SIFMA recommends alternative minimum transfer amount for uncleared swaps margin requirements

By Lene Powell, J.D.

SIFMA Asset Management Group (AMG) submitted a comment letter requesting relief relating to uncleared swaps margin requirements established by the CFTC and prudential regulators. The group asked that separately managed accounts be provided a “minimum transfer amount” (MTA) of $50,000 or $100,000 at the account level. The group said this would help avoid costly and unnecessary transfers of small amounts of collateral. The letter was sent to the CFTC and the Office of the Comptroller of the Currency, Board of Governors of the Federal Reserve System, Federal Deposit Insurance Corporation, Farm Credit Administration, and the Federal Housing Finance Agency.

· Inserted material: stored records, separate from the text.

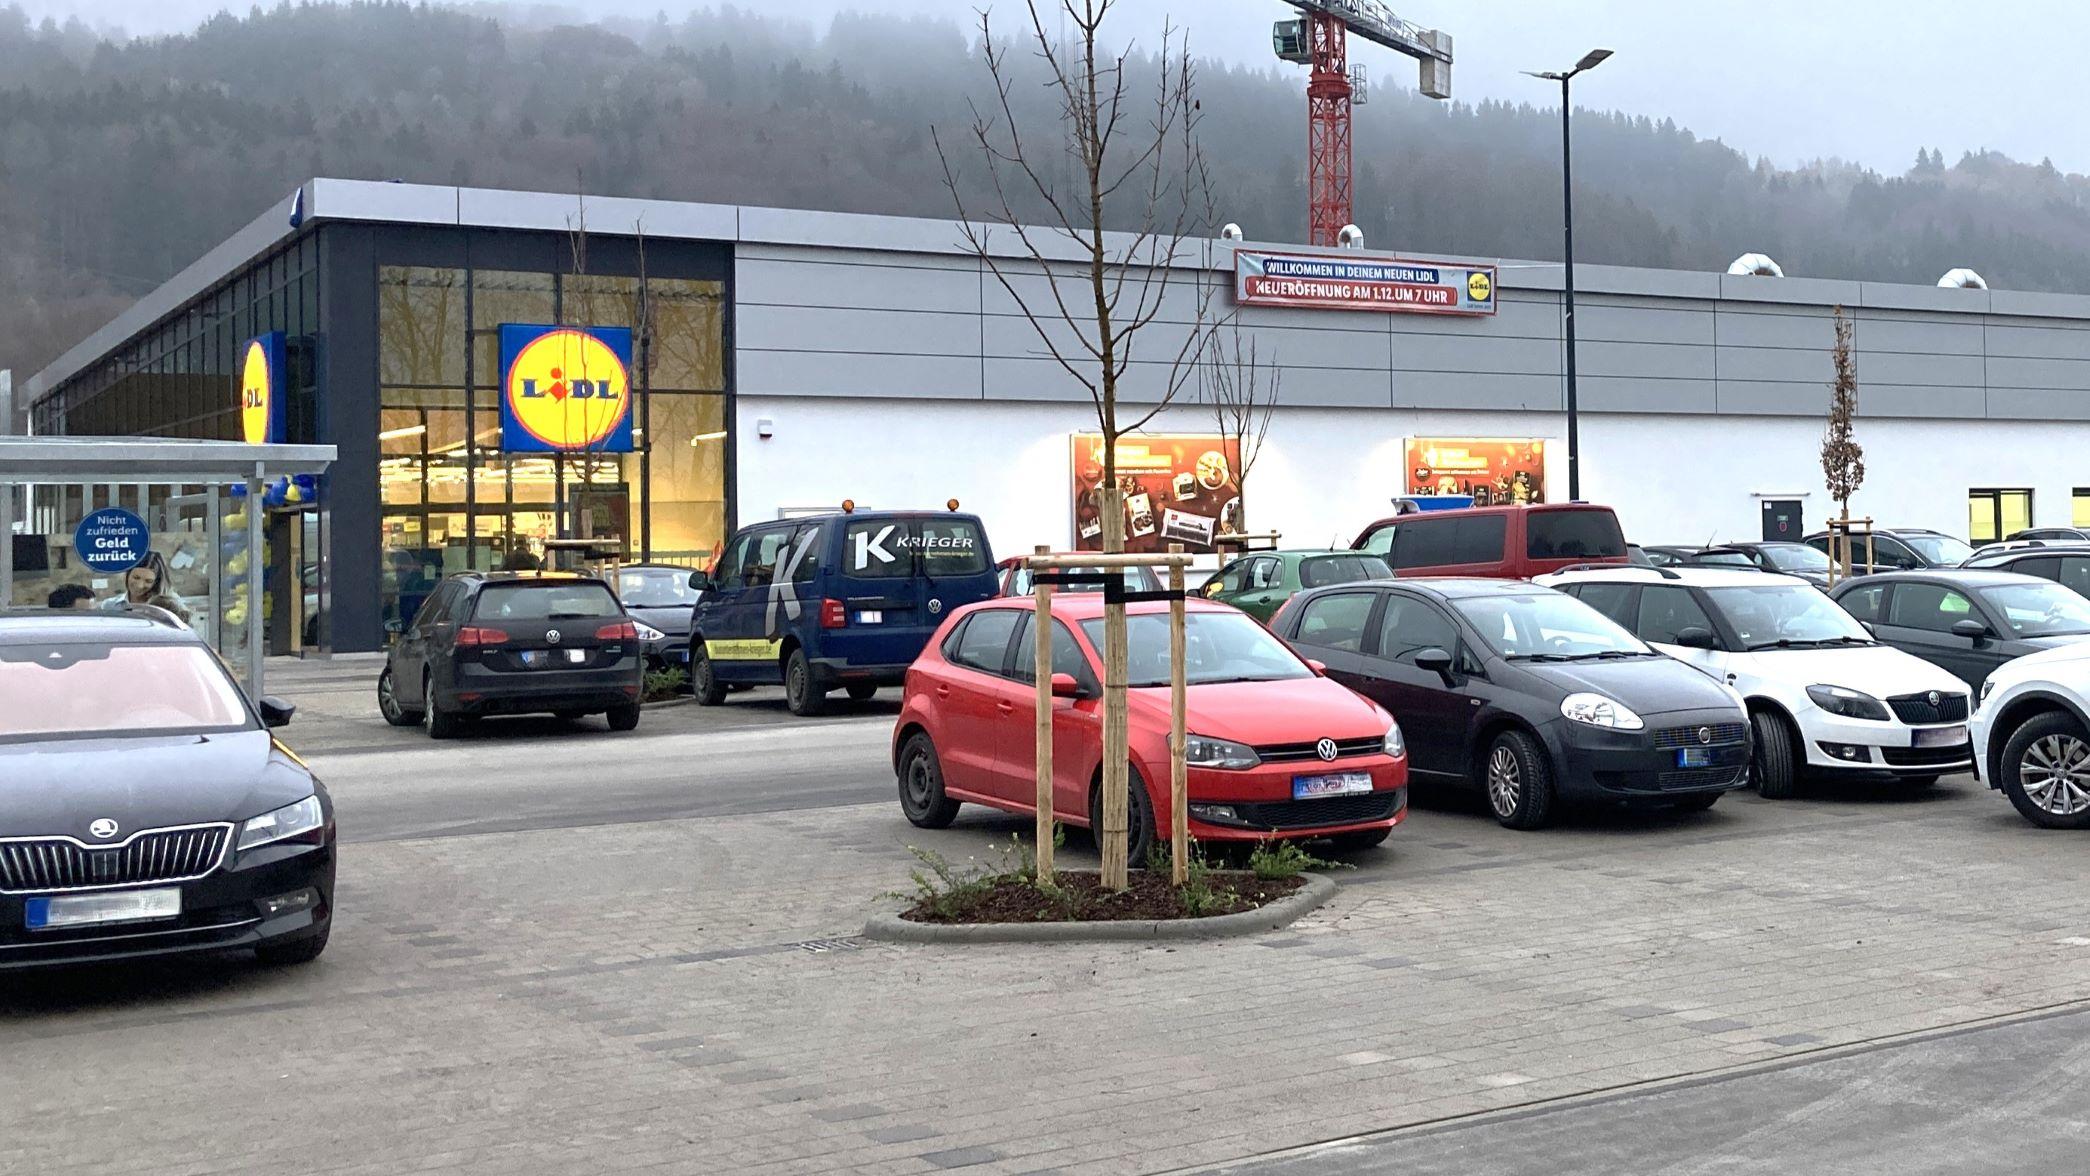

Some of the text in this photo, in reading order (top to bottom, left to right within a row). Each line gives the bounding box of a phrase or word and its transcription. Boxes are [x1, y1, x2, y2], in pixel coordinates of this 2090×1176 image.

[1266, 262, 1435, 283] WILLKOMMEN IN DEINEM NEUEN LIDL
[1255, 280, 1351, 298] NEUERÖFFNUNG
[1353, 286, 1371, 299] AM
[1415, 288, 1421, 302] 7
[1423, 290, 1448, 304] UHR
[1470, 281, 1489, 291] LIDL
[520, 367, 619, 404] LIDL
[97, 515, 127, 525] Nicht
[86, 526, 138, 536] zufrieden
[94, 537, 130, 549] Geld
[854, 524, 896, 570] K
[896, 536, 973, 548] KRIEGER
[87, 550, 137, 562] zurück

Minimum transfer amount (MTA). Under uncleared swaps margin rules, a covered swap entity does not need to collect or post margin until the amount of required margin exceeds an MTA of $500,000. According to SIFMA, U.S. regulators are interpreting the MTA as applying at the entity level rather than the account level. This results in practical challenges because assets for each separately managed account managed by a particular asset manager are held, transferred and returned separately at the account level. Each account must calculate and post or collect collateral separately, per its applicable eligible master agreement. Thus, asset managers cannot collectively calculate MTA across the accounts, and cannot move collateral in aggregate across the accounts.

Effectively, applying MTA at the entity level requires asset managers to set MTA to zero at the account level, said SIFMA. The group estimated that this arrangement could increase daily collateral movements by up to 700 percent, resulting in the need to hire more staff and pay wire transfer costs. Moreover, an increase in small collateral movements could cause operational problems including more failed transactions and disputes over small discrepancies in valuation. This will all result in increased costs for derivatives users as well as higher error rates, SIFMA said.

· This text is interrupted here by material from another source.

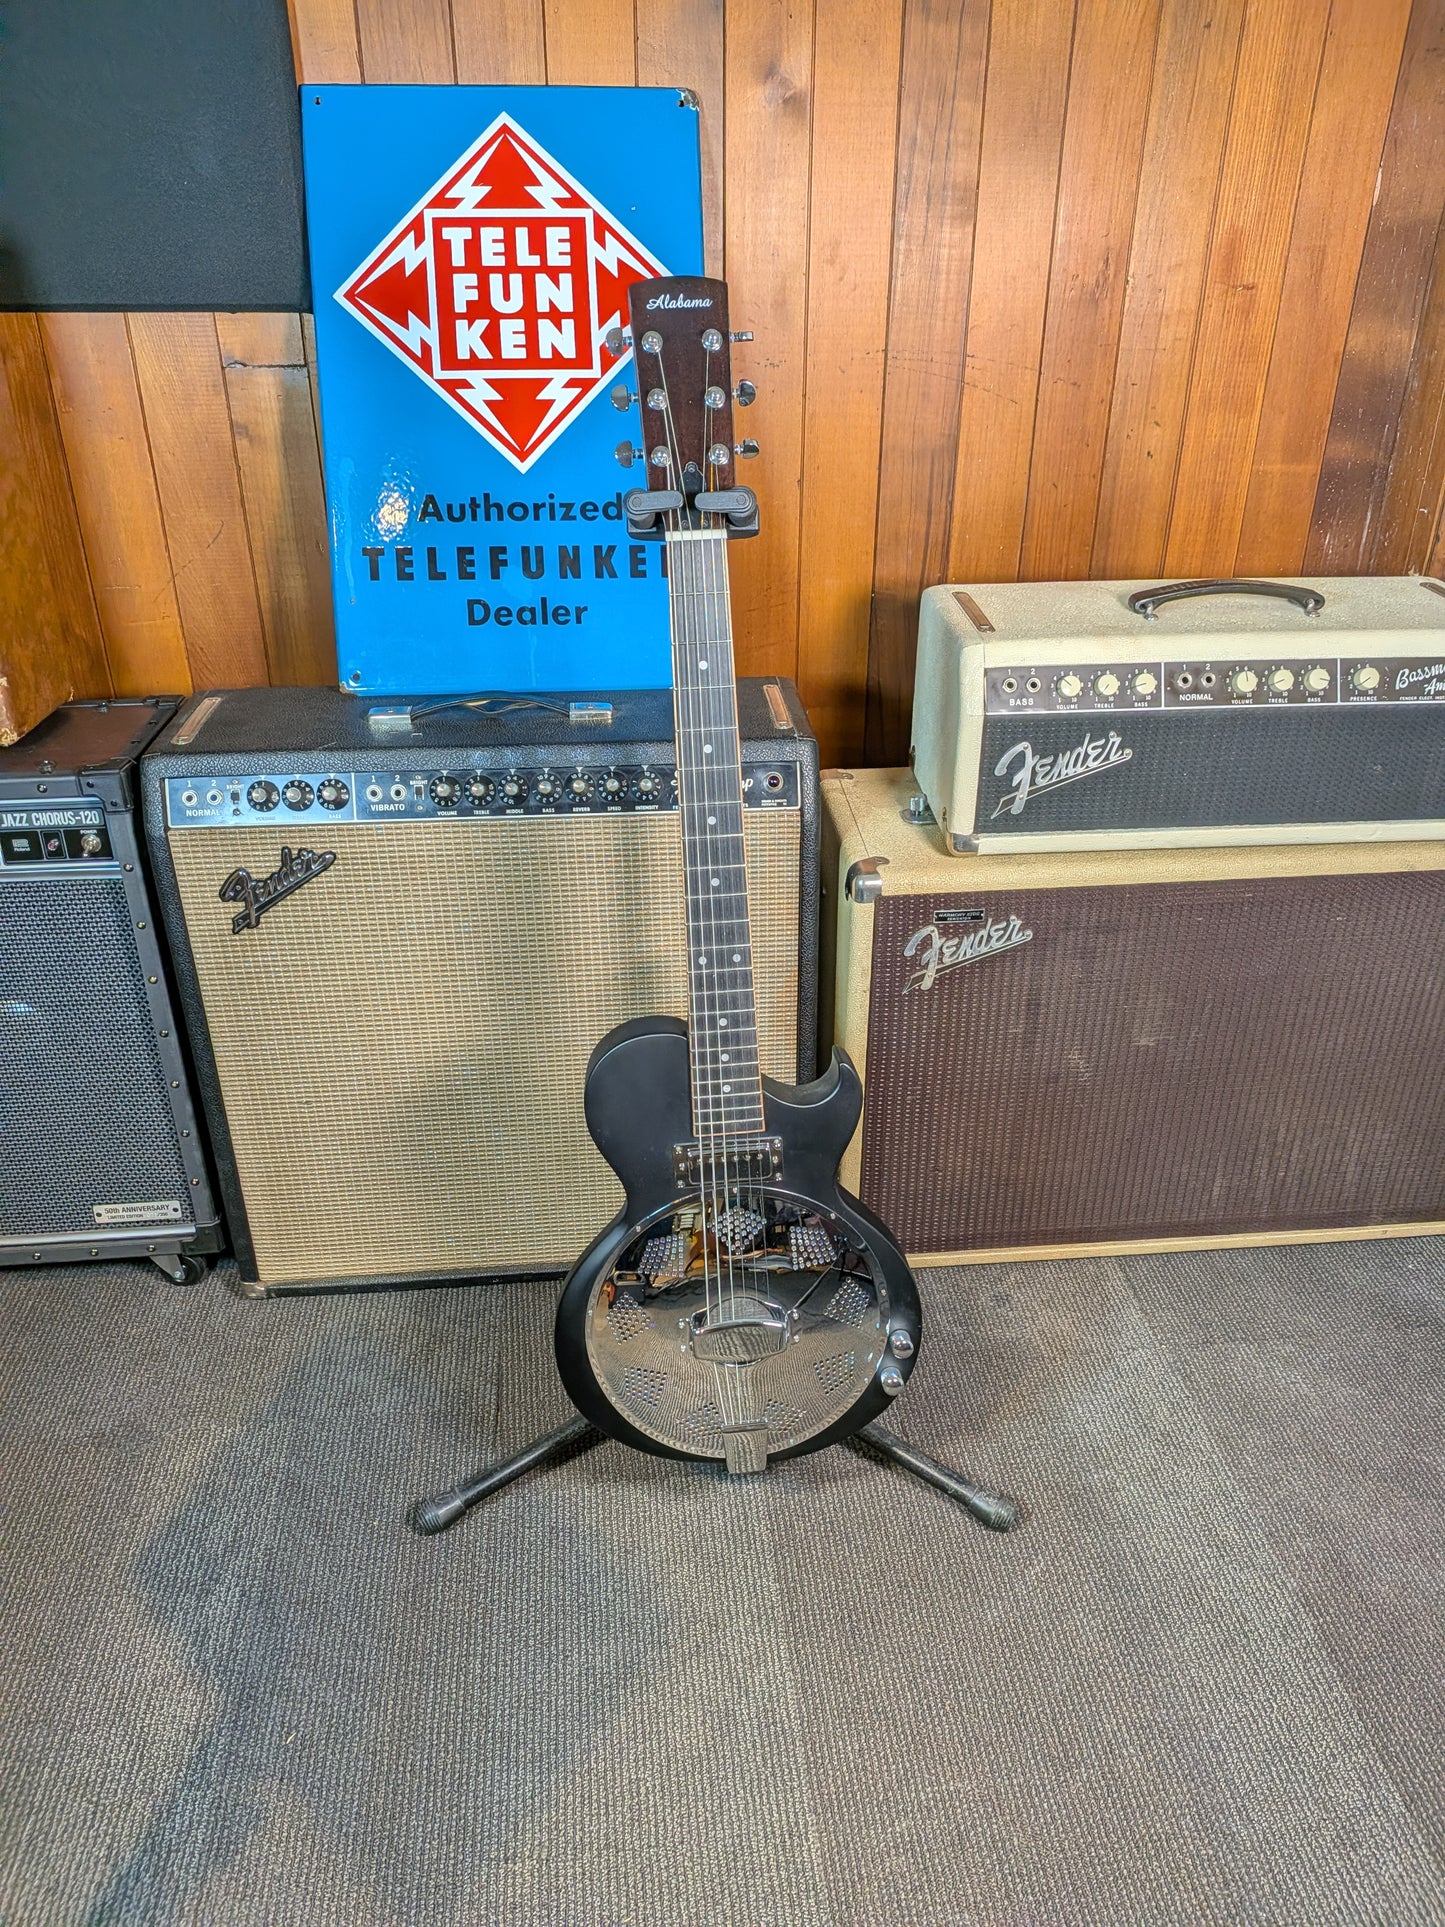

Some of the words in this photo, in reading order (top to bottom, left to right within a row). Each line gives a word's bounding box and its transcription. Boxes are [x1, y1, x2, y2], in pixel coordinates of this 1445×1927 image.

Relief requested. SIFMA proposed that each eligible master netting agreement be given an independent MTA of $100,000 or, alternatively, $50,000 without an entity-level limit. The client would only be able to use this relief as an alternative to, not in addition to, the standard MTA of $500,000. The group also proposed operative language for the relief and a definition of “separately managed account.”

SIFMA acknowledged regulatory concerns about evasion, but does not believe that applying the MTA at the account level would cause evasion risks. Asset managers don’t know the positions of other asset managers trading for the same client, and do not act in coordination. In addition, once the calculation exceeds the MTA by even a small amount, the entire margin amount must be posted. To somehow reduce or evade margin requirements using an account-level MTA, asset managers would have to split netting sets into unworkably small sets of transactions and accept counterparty risk by having a counterparty not post margin. These would be unacceptable activities for registered intermediaries or advisers, SIFMA said.